◆ **DATA RECORDS**
━━━━
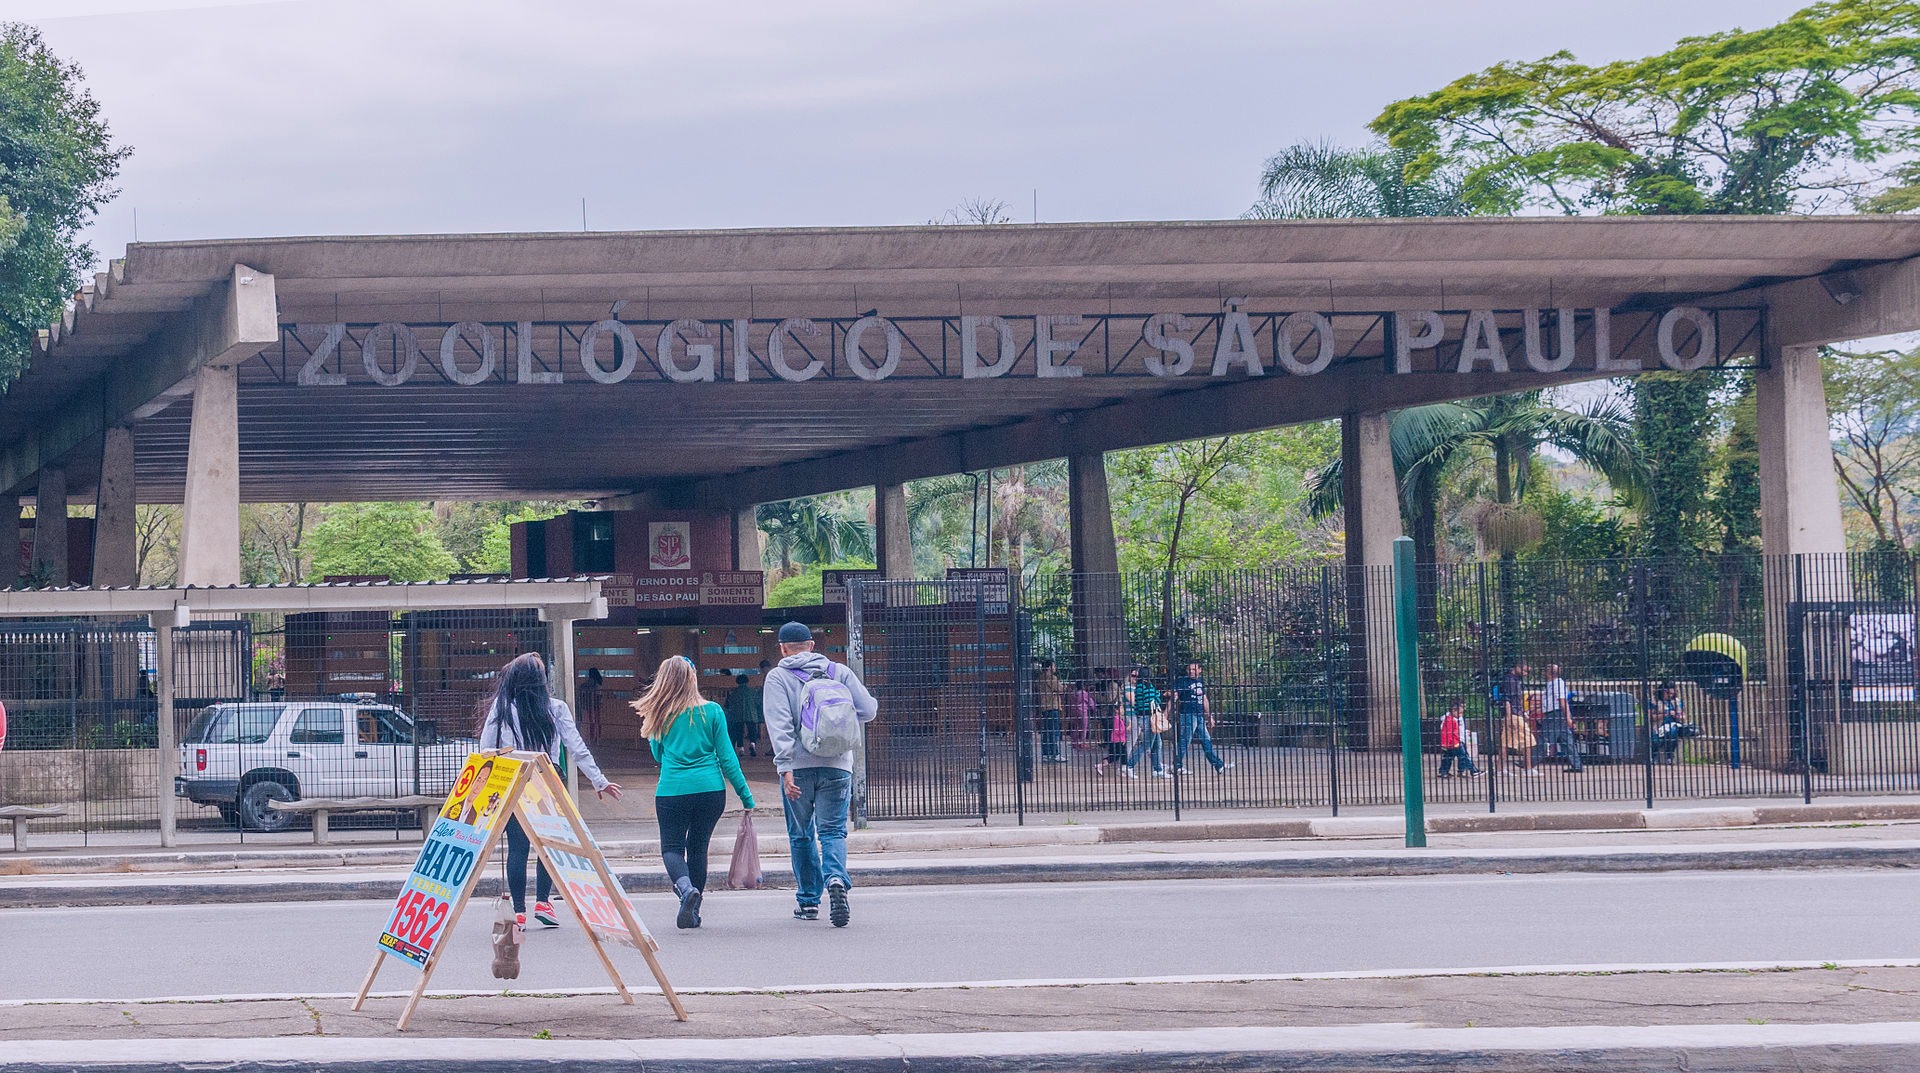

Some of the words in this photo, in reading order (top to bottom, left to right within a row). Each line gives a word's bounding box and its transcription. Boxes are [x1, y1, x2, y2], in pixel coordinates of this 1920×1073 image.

[297, 300, 901, 386] ZOOLÓGICO
[962, 315, 1083, 378] DE
[1143, 296, 1335, 377] SÃO
[1395, 306, 1717, 374] PAULO
[669, 577, 684, 586] DO
[636, 593, 650, 602] DE
[651, 591, 673, 602] SÃO
[707, 588, 755, 596] SOMENTE
[707, 596, 755, 604] DINHEIRO
[430, 821, 455, 838] Alex
[413, 838, 475, 888] HATO
[411, 875, 453, 900] FEDERAL
[388, 888, 450, 951] 1562
━━━━
All the records need to be set down word for word, with the images left out.

◆ **COMPLETED TASK**
Some of the words in this photo, in reading order (top to bottom, left to right within a row). Each line gives a word's bounding box and its transcription. Boxes are [x1, y1, x2, y2], in pixel coordinates of this 1920×1073 image.

[297, 300, 901, 386] ZOOLÓGICO
[962, 315, 1083, 378] DE
[1143, 296, 1335, 377] SÃO
[1395, 306, 1717, 374] PAULO
[669, 577, 684, 586] DO
[636, 593, 650, 602] DE
[651, 591, 673, 602] SÃO
[707, 588, 755, 596] SOMENTE
[707, 596, 755, 604] DINHEIRO
[430, 821, 455, 838] Alex
[413, 838, 475, 888] HATO
[411, 875, 453, 900] FEDERAL
[388, 888, 450, 951] 1562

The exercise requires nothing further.